THOTB-7.11

The History Twin Bayous – The Case of Confounded Boulder – Pt.1

This new adventure chain leads Dobbs and Jamie to finding Pangu’s Axe. Through a sequence of quests they learn how to clear boulders in tombs. Also they discover a valuable relic “Symbol of the Hot Springs Cave”.

In this first part of the chain, Dobbs responds to a request by someone named Hui Young Kim to meet with her to discuss a mysterious and magical artifact. He is asked to get permission from three citizens of Shang Simla to allow him to search for the boulder smashing artifact. He does this only to be told that he also needs to speak with a person named Shen Su.

Shen Su tells Dobbs: “I will share this information with you, but first you must prove you will benefit the greater good. Shang Simla’s coffers have run dry and the city needs funding to expand the local works. Gather 3 pieces of valuable Lapis Lazuli and deliver it to me. I will in turn give it to the city. You will be paid for your assistance, I assure you.”

Can Dobbs find the valuable Lapis Lazuli? You will need to watch episode 11 to find out.

Technical Note: I use GeForce Experience ShadowPlay to capture video and audio from The Sims 3 along with audio from my mic.

ShadowPlay does an excellent job of capturing and for the sake of efficiency the video is captured with a variable fps rate. If the video were to be captured with a constant fps rate, the capture files would be gigantic, much larger than they are now. The result of this is that a variable fps causes audio sync problems in the software used for editing.

I use Adobe Premier Pro to edit the video. But before importing the video files into Premier Pro, I need to use another software package to correct the audio sync issue. That software is called HandBrake and you can read all about it here.

One other issue with the video captured with ShadowPlay is that it is too dark. I could not find a way to prevent this, so the simple resolution is to adjust the brightness and contrast after importing into Premier Pro. Every clip I use, I set the Brightness to 30 and Contrast to 3.

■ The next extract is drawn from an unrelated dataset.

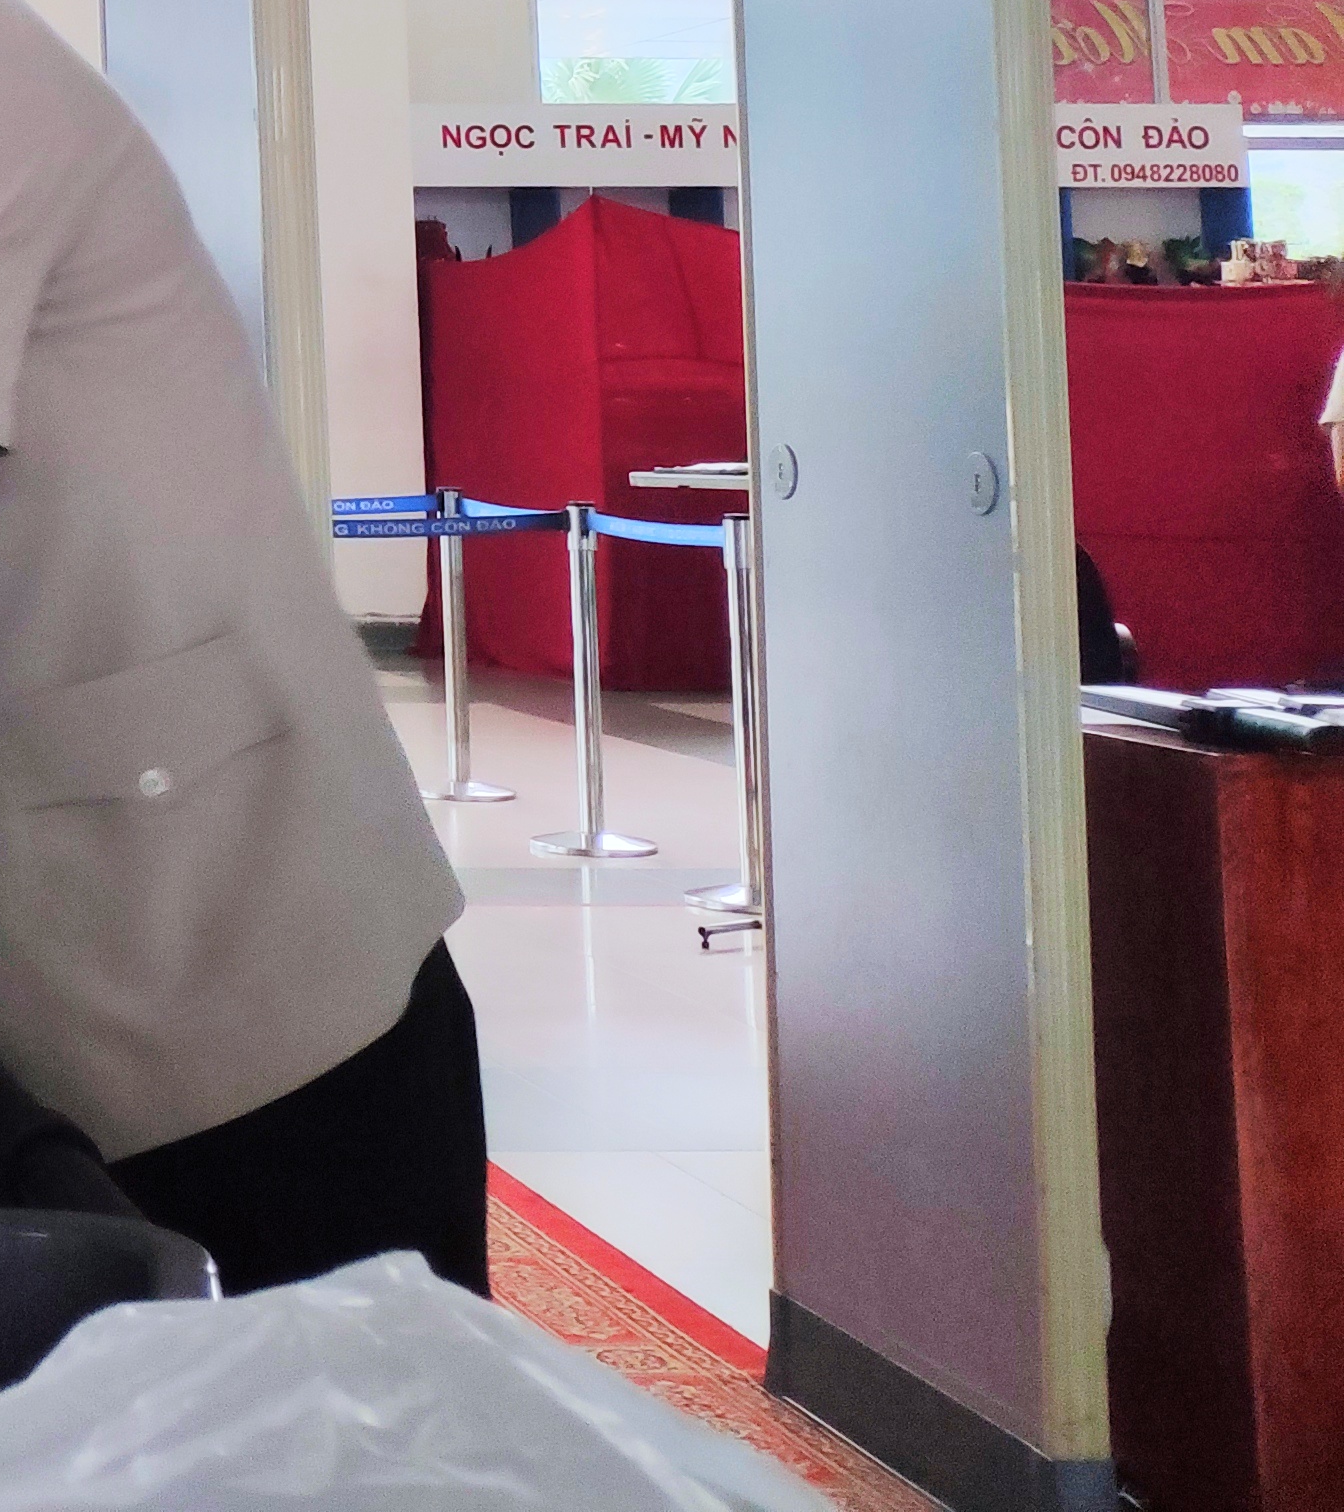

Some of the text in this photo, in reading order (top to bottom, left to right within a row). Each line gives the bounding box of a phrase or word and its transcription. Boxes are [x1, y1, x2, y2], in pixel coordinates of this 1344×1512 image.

I thought that it would be “interesting” to give the videos a film noir look. I wanted to make the videos look like the B-movie serials of the 1930s and 40s. This was started at some point in episode 2 and continued through episode 10. At first, I thought that the “look” looked really good, but after review I realized that the indoor scenes did look good in black-and-white, but outdoor scenes did not look so good, especially at night. So starting with this episode, all of the scenes will now be in color. But I still want the videos to have a vintage look that will hopefully remind the viewer of Technicolor films of the 1940s. To achieve this I used the “Vintage FX” color presets for Premiere Pro constructed by CinaBlur.com.